Screenshot of the web app created to help readers explore the dataset from this project

In the 2018 PLoS Biology paper, we found that there is a striking shortage of women in many fields of science and medicine. Inspired by earlier studies that manually counted the number of men and women publishing in scientific journals, we developed computational approaches to infer the gender of 36 million authors publishing articles indexed on PubMed and ar$\chi$iv over recent decades. By applying statistical models, we projected when the gender gap will close for dozens of fields of research. The results were bleak: many fields will take decades or centuries to reach gender parity, assuming that the current (slow) rate of progress continues. I have a couple more projects in the works on the massive dataset generated by the project, and I need some help! Drop me a line if you’d like to discuss a collaboration.

We made an interactive web app to help you fully explore the data.
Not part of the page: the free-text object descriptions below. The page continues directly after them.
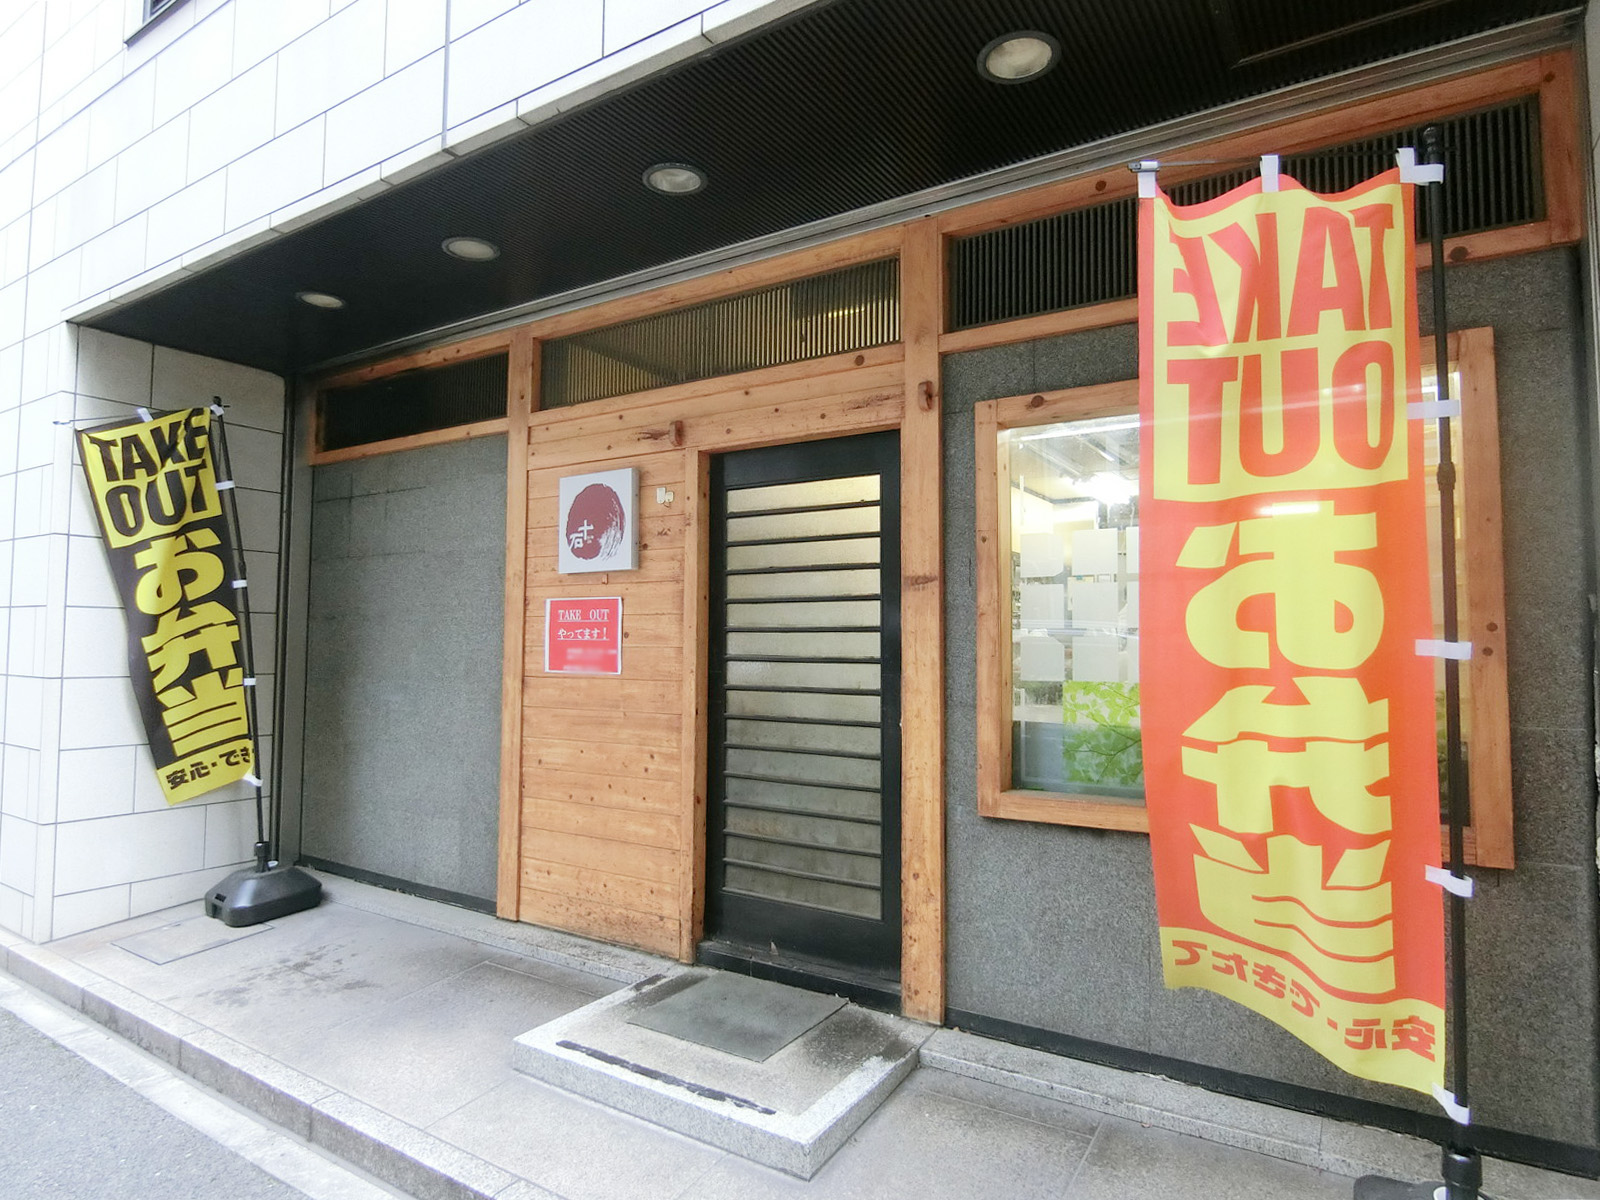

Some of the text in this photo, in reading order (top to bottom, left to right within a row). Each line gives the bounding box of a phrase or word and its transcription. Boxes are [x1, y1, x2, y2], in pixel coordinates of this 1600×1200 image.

[89, 407, 208, 483] TAKE
[105, 459, 208, 537] OUT
[134, 527, 249, 757] お弁当
[558, 609, 610, 621] TAKE OUT
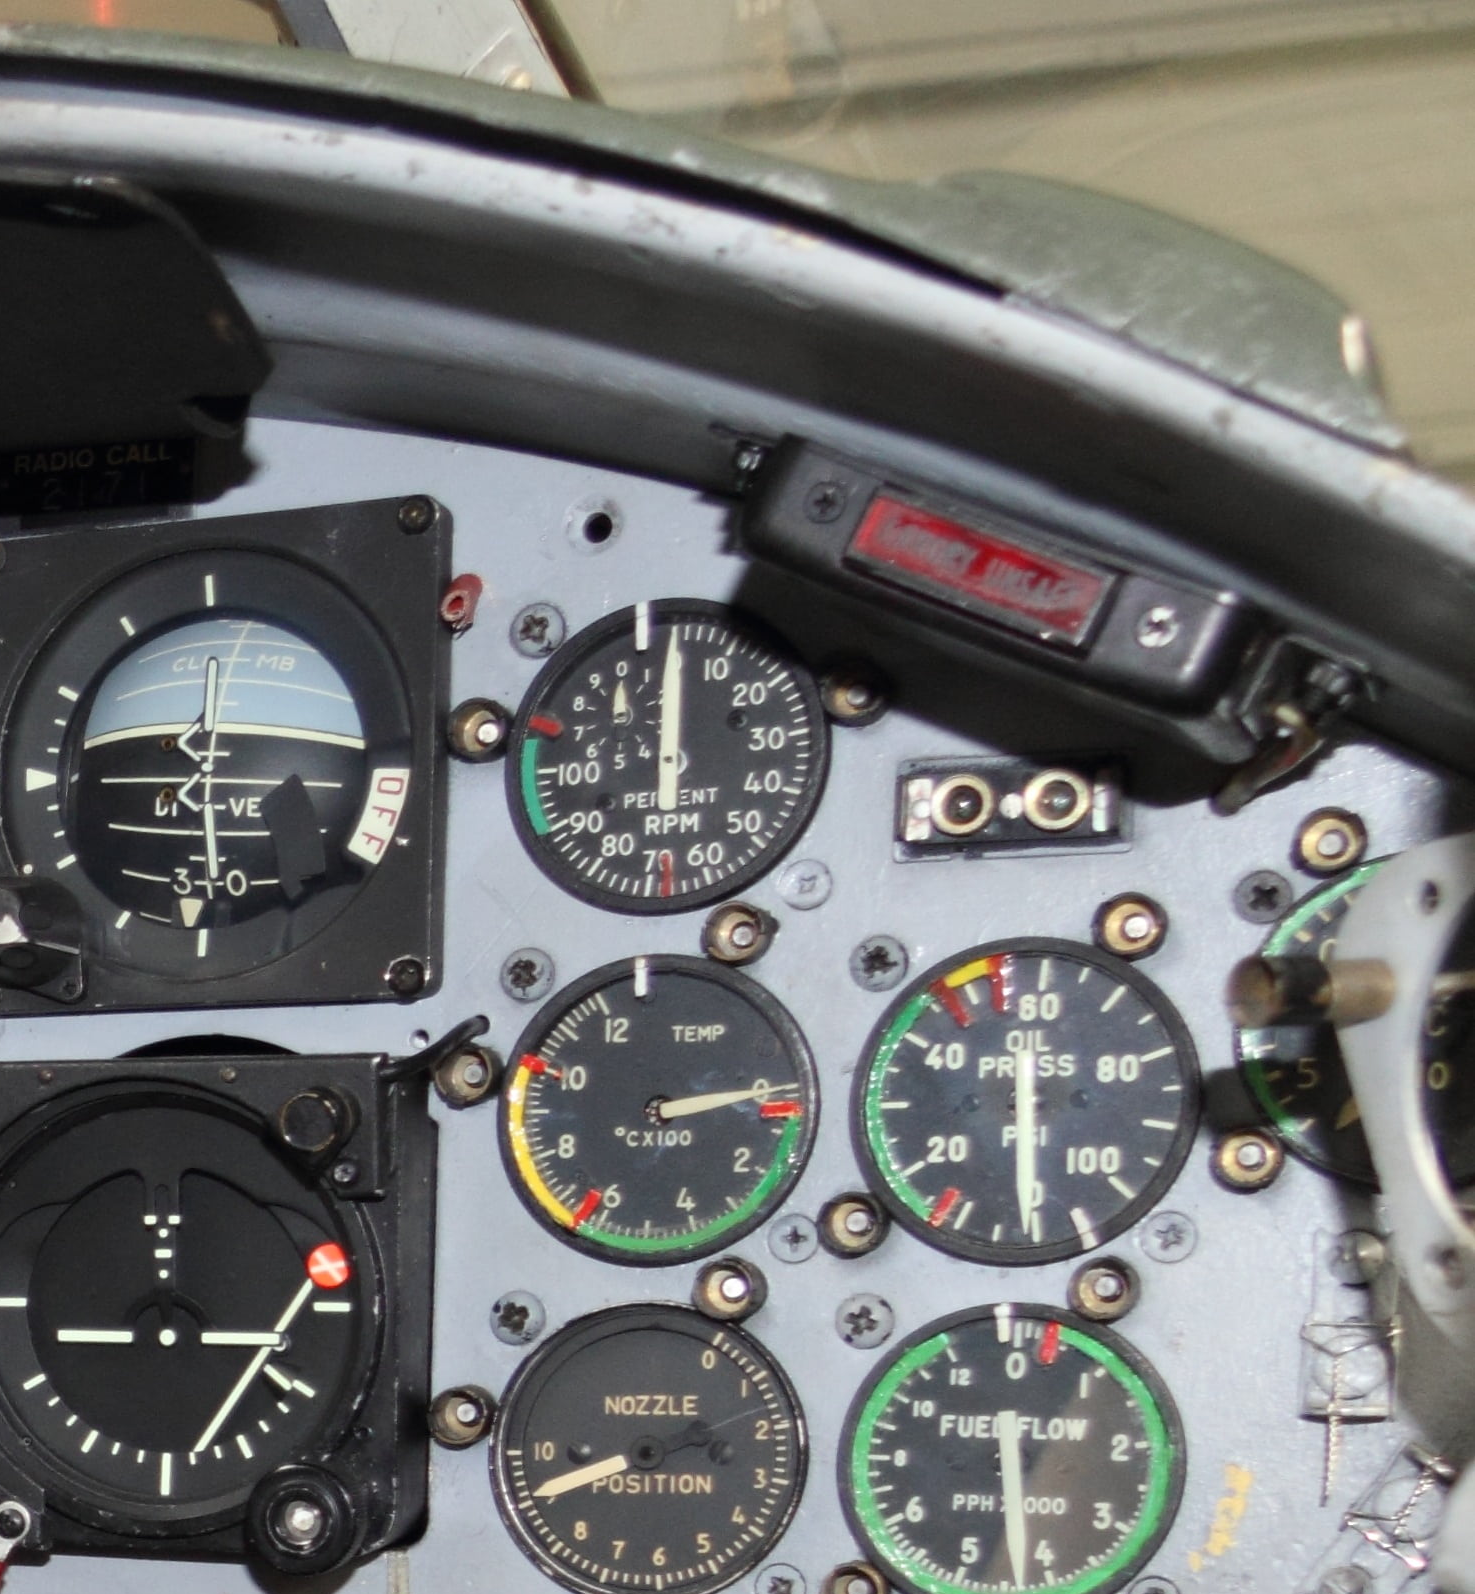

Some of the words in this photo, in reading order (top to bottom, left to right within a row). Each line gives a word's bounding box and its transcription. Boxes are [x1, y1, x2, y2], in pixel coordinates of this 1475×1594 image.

[645, 815, 700, 834] RPM
[672, 1026, 725, 1042] TEMP
[925, 1044, 964, 1069] 40
[927, 1137, 967, 1162] 20
[1067, 1147, 1119, 1174] 100
[605, 1396, 698, 1415] NOZZLE
[1017, 1419, 1087, 1441] FLOW
[952, 1495, 994, 1511] PPH
All the data (e.g. the gender ratio breakdown for thousands of journals, disciplines, and countries; data on the 36m individual papers) is freely available here, and I’d be very happy if it proves useful to someone.

The PLoS Biology paper was widely covered in the media, including Ed Yong, The Conversation, and the BBC. According to Altmetric it’s been seen 3.7 million times on Twitter!
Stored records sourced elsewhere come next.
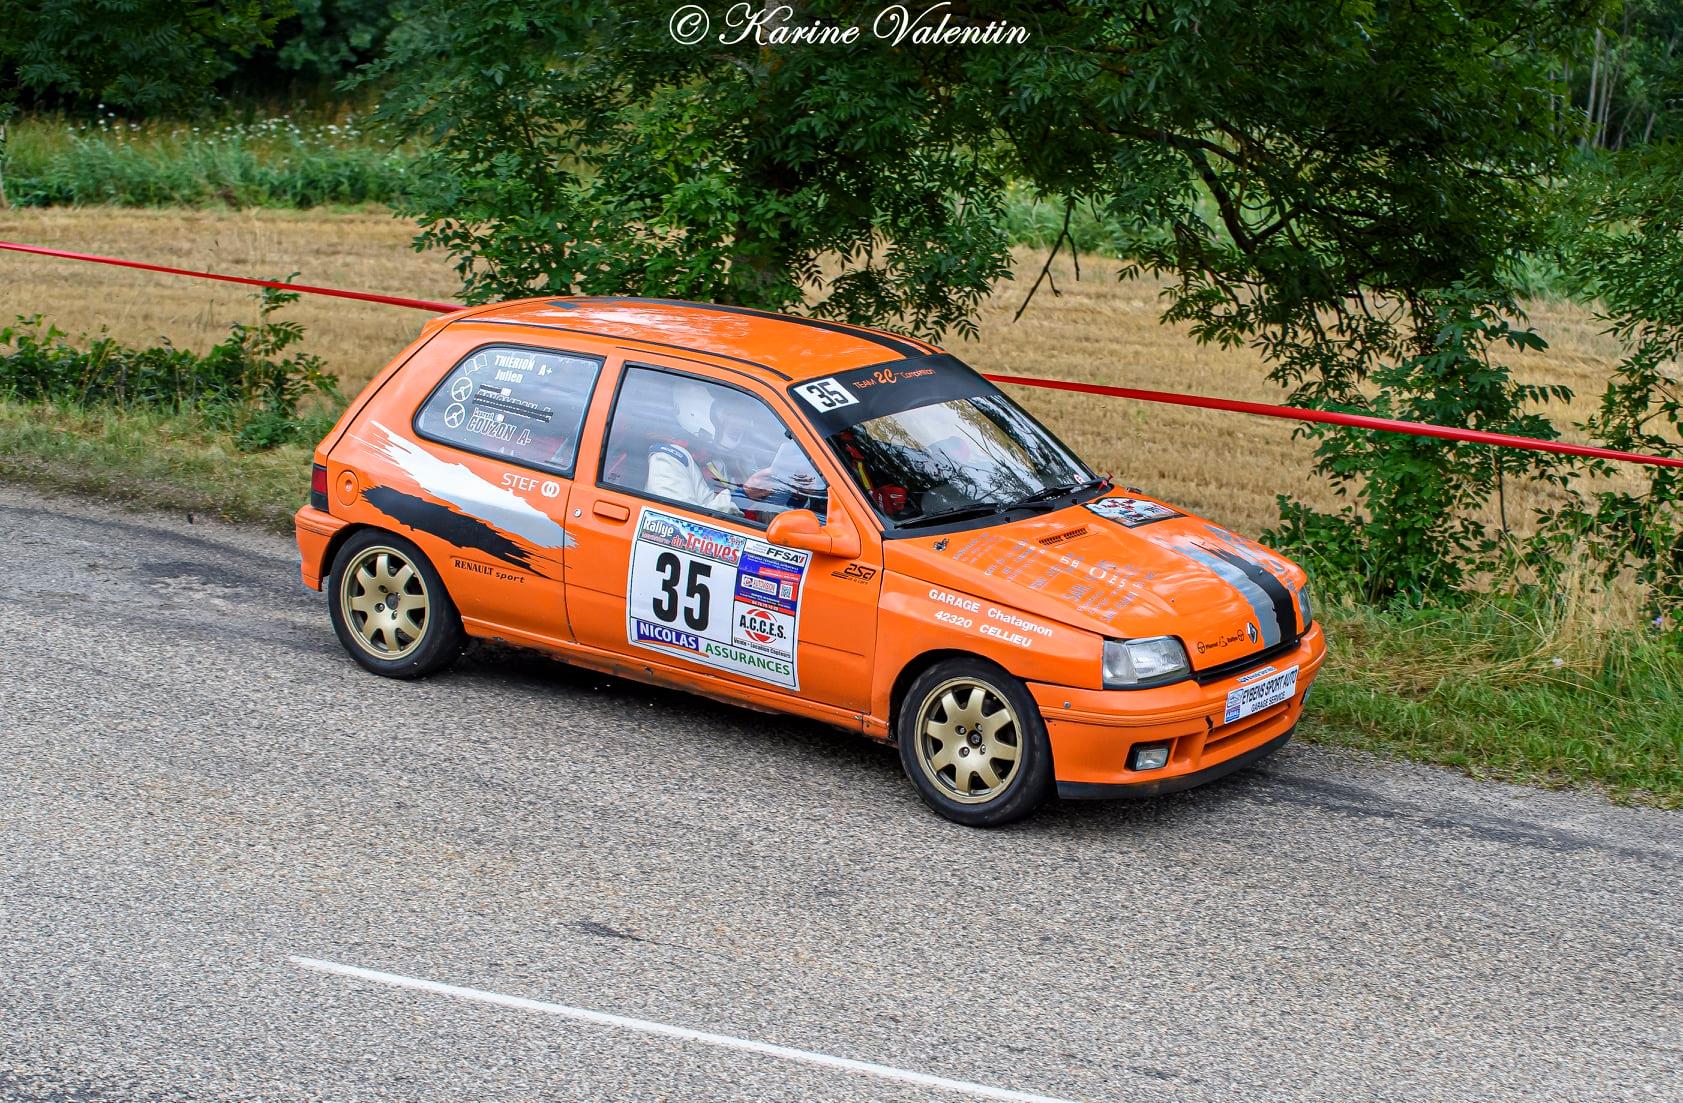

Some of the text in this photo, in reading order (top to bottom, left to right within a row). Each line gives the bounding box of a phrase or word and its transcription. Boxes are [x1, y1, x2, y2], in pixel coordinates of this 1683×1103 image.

[494, 355, 535, 371] THIERION
[495, 369, 523, 384] Julien
[852, 379, 877, 389] TEAM
[806, 382, 849, 407] 35
[501, 473, 539, 492] STEF
[643, 518, 674, 538] Rallye
[766, 547, 803, 563] FFSA
[454, 560, 525, 583] RENAULT sport
[652, 552, 713, 632] 35
[928, 589, 1053, 637] GARAGE Chatagnon
[739, 615, 786, 639] A.C.C.E.S.
[934, 610, 1032, 648] 42320 CELLIEU
[639, 622, 790, 676] NICOLAS ASSURANCES
[1265, 674, 1285, 697] SPORT
[1281, 669, 1298, 689] AUTO
I have also written a follow-up paper with Dr. Claire Morandin, using this dataset to look at patterns of collaboration within and between genders. We found that researchers have strong tendency to collaborate with same-gendered colleagues, in essentially all fields of research. Interestingly, we found a weak negative correlation between journal impact factor and the excess of same-gender coauthorships, as predicted if mixed-gender teams produce better quality research.